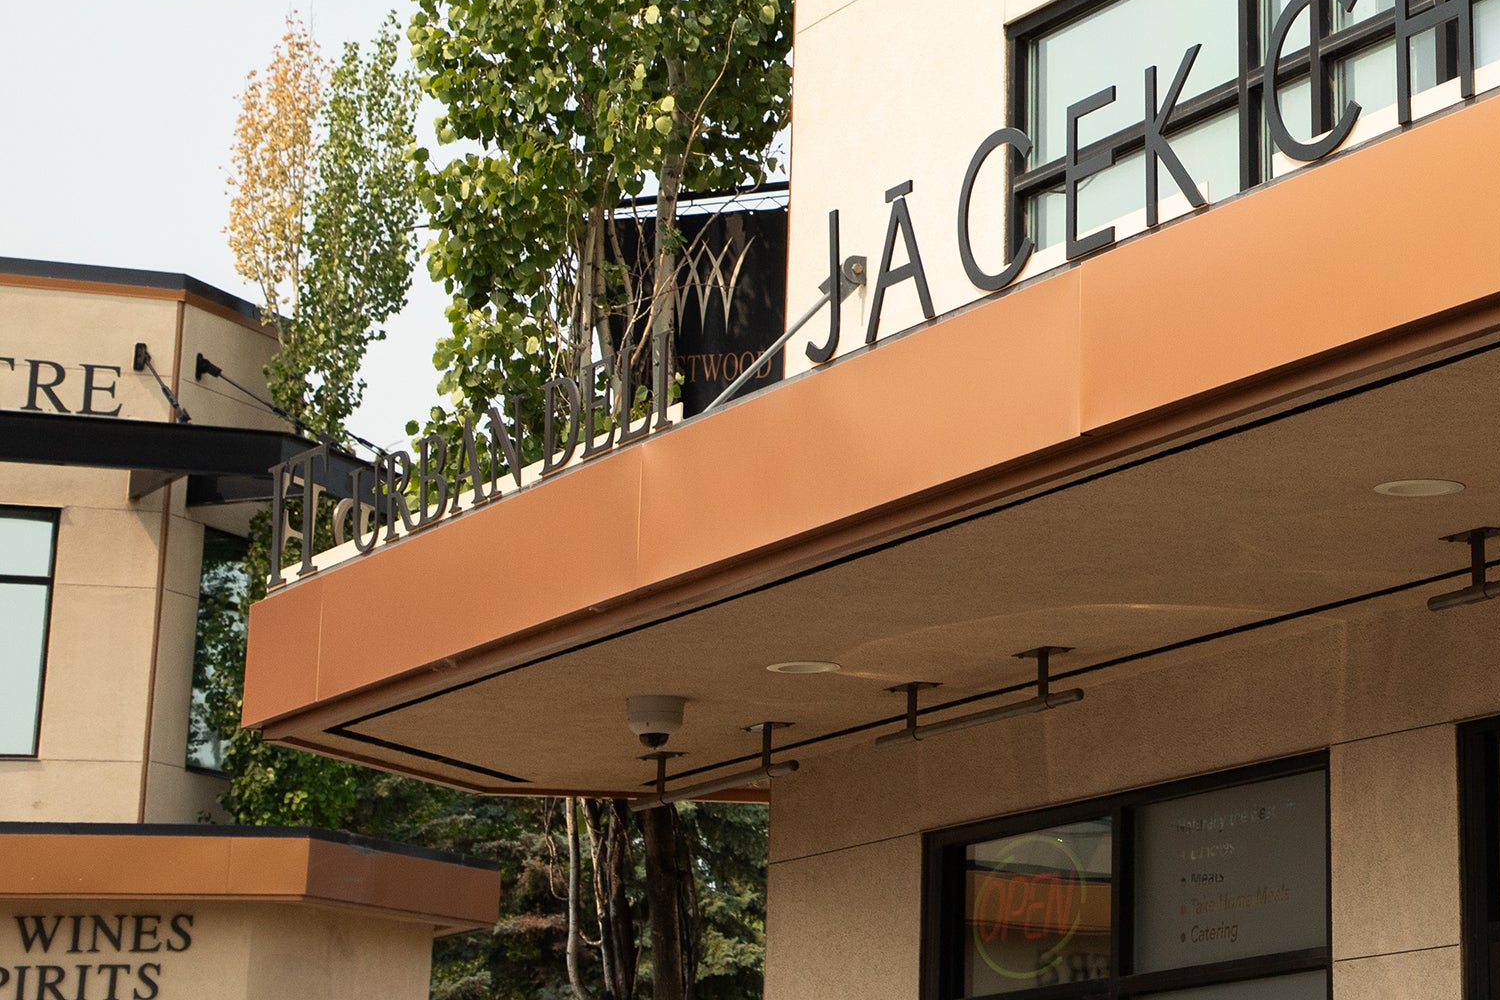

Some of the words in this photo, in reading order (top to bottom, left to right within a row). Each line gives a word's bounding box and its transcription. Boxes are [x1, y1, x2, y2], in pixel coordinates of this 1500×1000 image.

[349, 393, 525, 554] URBAN
[539, 329, 675, 477] DELI
[14, 914, 194, 953] WINES
[978, 870, 1077, 943] OPEN
[1190, 921, 1239, 944] Catering

----------

With the pictures omitted, reproduce the records in full and exactly.

The answer:
Some of the words in this photo, in reading order (top to bottom, left to right within a row). Each line gives a word's bounding box and its transcription. Boxes are [x1, y1, x2, y2], in pixel coordinates of this 1500×1000 image.

[349, 393, 525, 554] URBAN
[539, 329, 675, 477] DELI
[14, 914, 194, 953] WINES
[978, 870, 1077, 943] OPEN
[1190, 921, 1239, 944] Catering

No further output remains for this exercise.